[[ AVAILABLE RECORDS, beginning ]]

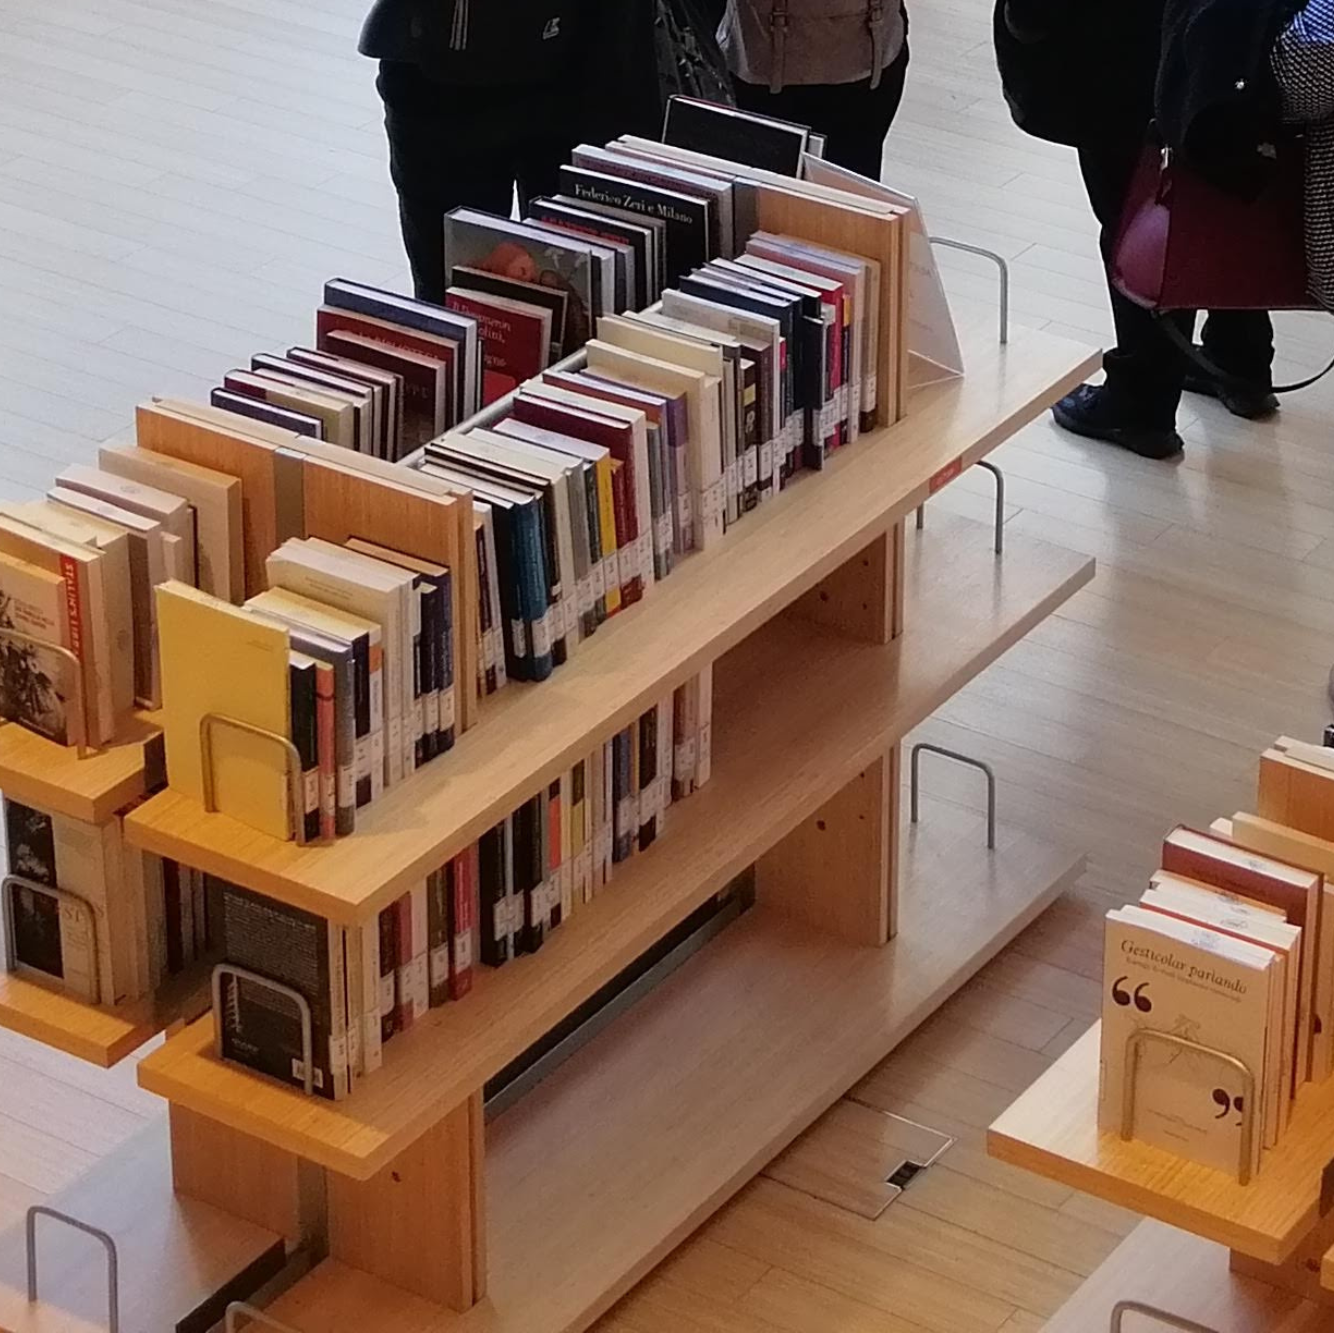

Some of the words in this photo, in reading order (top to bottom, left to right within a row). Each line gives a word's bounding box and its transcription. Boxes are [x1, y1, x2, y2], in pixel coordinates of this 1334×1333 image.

[574, 183, 621, 205] Federico
[622, 194, 646, 212] Zeri
[656, 203, 693, 224] Milano
[1121, 939, 1186, 970] Gesticolar
[1188, 966, 1248, 995] parlando
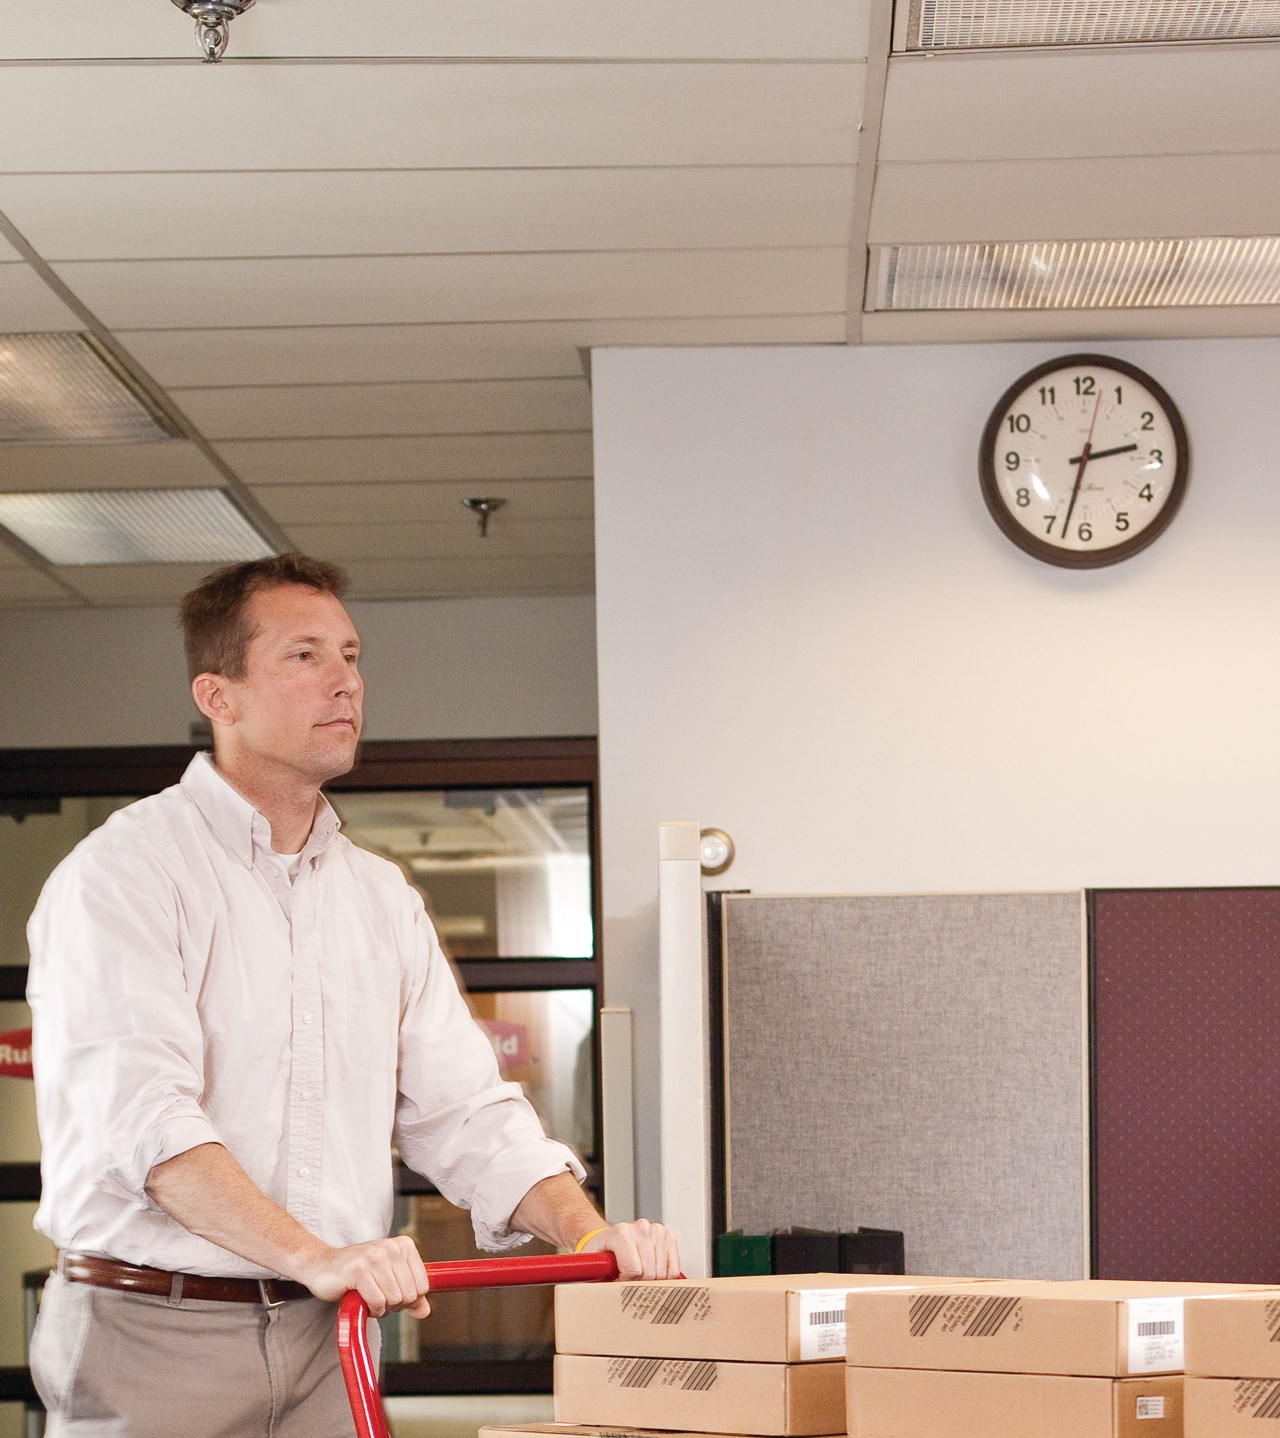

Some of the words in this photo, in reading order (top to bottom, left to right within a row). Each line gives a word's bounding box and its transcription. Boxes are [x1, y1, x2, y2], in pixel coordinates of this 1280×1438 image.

[1038, 386, 1056, 405] 11
[1073, 376, 1096, 396] 12
[1114, 386, 1123, 405] 1
[1007, 414, 1032, 433] 10
[1140, 411, 1155, 431] 2
[1005, 451, 1020, 471] 9
[1149, 449, 1163, 468] 3
[1016, 488, 1031, 507] 8
[1138, 483, 1154, 502] 4
[1043, 515, 1057, 534] 7
[1115, 512, 1130, 531] 5
[1077, 522, 1093, 541] 6
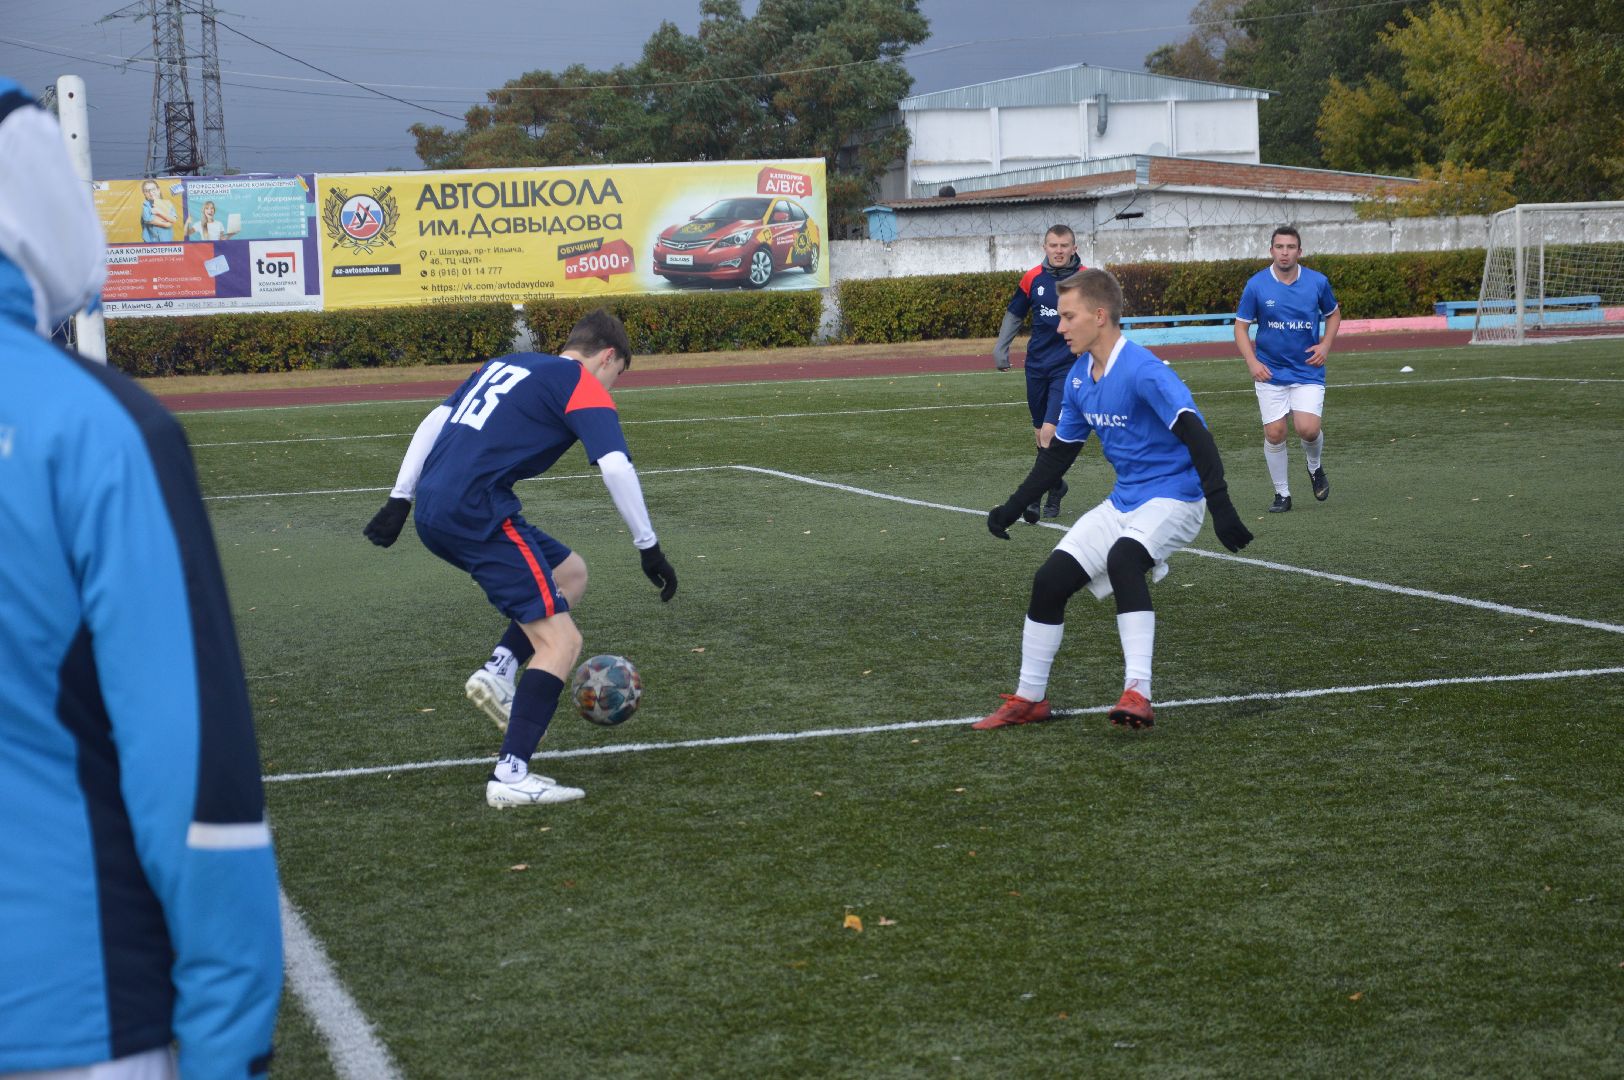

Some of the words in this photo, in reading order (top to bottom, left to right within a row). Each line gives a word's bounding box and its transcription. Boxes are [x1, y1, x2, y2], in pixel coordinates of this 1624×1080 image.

[765, 180, 805, 193] A/B/C
[416, 178, 623, 210] АВТОШКОЛА
[439, 248, 471, 257] Шатура,
[560, 241, 599, 254] ОБУЧЕНИЕ
[445, 257, 456, 265] ТЦ
[579, 253, 619, 272] 5000
[256, 258, 289, 278] top
[488, 266, 502, 275] 777
[450, 361, 532, 431] 13

[[ AVAILABLE RECORDS, end ]]

#### [PROBLEM DETAILS]
Above are the records; return them exactly, minus the pictures.

#### [PROBLEM SOLUTION]
Some of the words in this photo, in reading order (top to bottom, left to right within a row). Each line gives a word's bounding box and its transcription. Boxes are [x1, y1, x2, y2], in pixel coordinates of this 1334×1333 image.

[574, 183, 621, 205] Federico
[622, 194, 646, 212] Zeri
[656, 203, 693, 224] Milano
[1121, 939, 1186, 970] Gesticolar
[1188, 966, 1248, 995] parlando

Some of the words in this photo, in reading order (top to bottom, left to right within a row). Each line gives a word's bounding box and its transcription. Boxes are [x1, y1, x2, y2], in pixel coordinates of this 1280×1438 image.

[1038, 386, 1056, 405] 11
[1073, 376, 1096, 396] 12
[1114, 386, 1123, 405] 1
[1007, 414, 1032, 433] 10
[1140, 411, 1155, 431] 2
[1005, 451, 1020, 471] 9
[1149, 449, 1163, 468] 3
[1016, 488, 1031, 507] 8
[1138, 483, 1154, 502] 4
[1043, 515, 1057, 534] 7
[1115, 512, 1130, 531] 5
[1077, 522, 1093, 541] 6

Some of the words in this photo, in reading order (top to bottom, left to right within a row). Each line gives a word's bounding box and its transcription. Boxes are [x1, y1, x2, y2], in pixel coordinates of this 1624×1080 image.

[765, 180, 805, 193] A/B/C
[416, 178, 623, 210] АВТОШКОЛА
[439, 248, 471, 257] Шатура,
[560, 241, 599, 254] ОБУЧЕНИЕ
[445, 257, 456, 265] ТЦ
[579, 253, 619, 272] 5000
[256, 258, 289, 278] top
[488, 266, 502, 275] 777
[450, 361, 532, 431] 13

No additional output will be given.